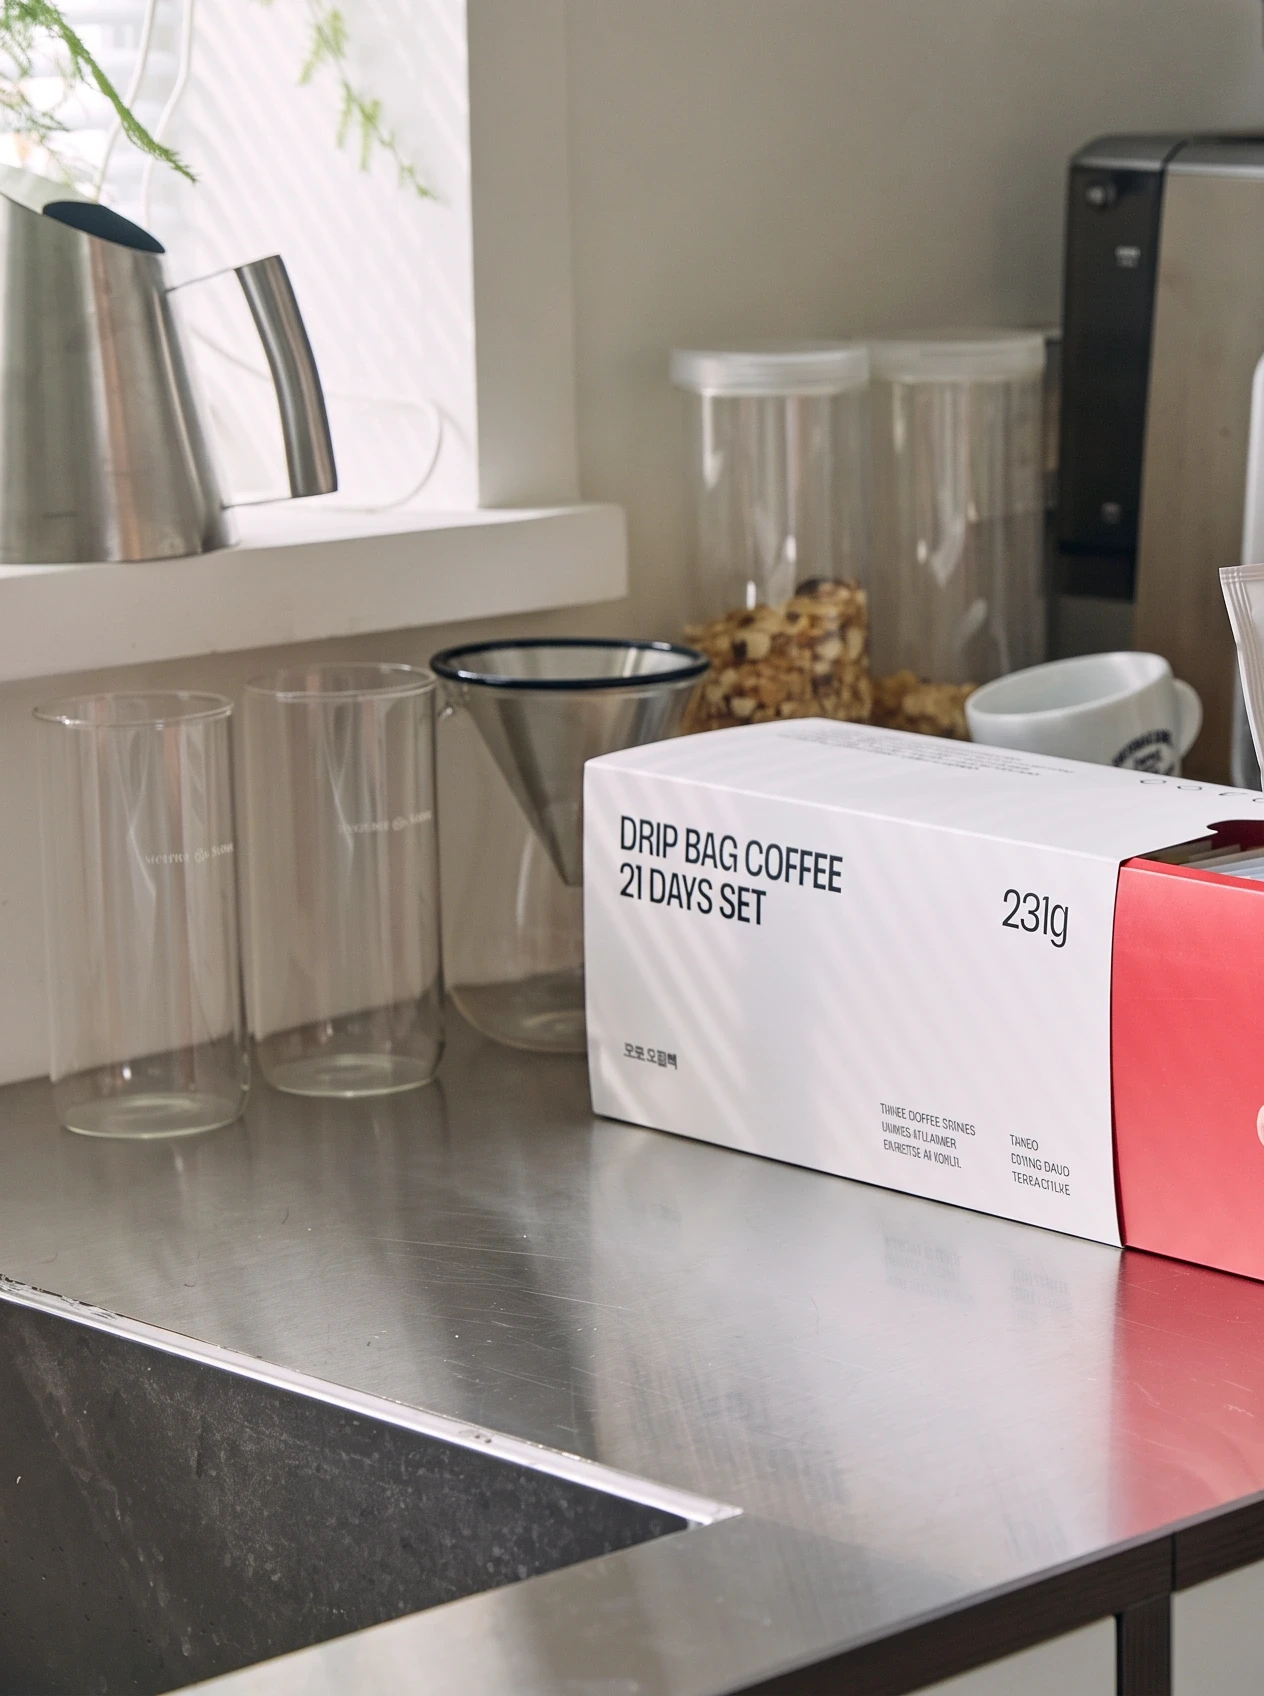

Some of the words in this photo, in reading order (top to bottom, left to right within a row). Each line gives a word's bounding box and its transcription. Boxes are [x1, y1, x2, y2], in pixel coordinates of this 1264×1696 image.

[620, 815, 679, 859] DRIP
[685, 827, 738, 873] BAG
[744, 839, 844, 894] COFFEE
[620, 862, 643, 901] 21
[649, 867, 713, 915] DAYS
[719, 882, 767, 926] SET
[1002, 888, 1069, 949] 231g

DESCRIPTION OF THE TASK – A faithful, word-for-word copy of the data is needed; the pictures should not appear in it.

TASK ANSWER –
Some of the words in this photo, in reading order (top to bottom, left to right within a row). Each line gives a word's bounding box and its transcription. Boxes are [x1, y1, x2, y2], in pixel coordinates of this 1264×1696 image.

[620, 815, 679, 859] DRIP
[685, 827, 738, 873] BAG
[744, 839, 844, 894] COFFEE
[620, 862, 643, 901] 21
[649, 867, 713, 915] DAYS
[719, 882, 767, 926] SET
[1002, 888, 1069, 949] 231g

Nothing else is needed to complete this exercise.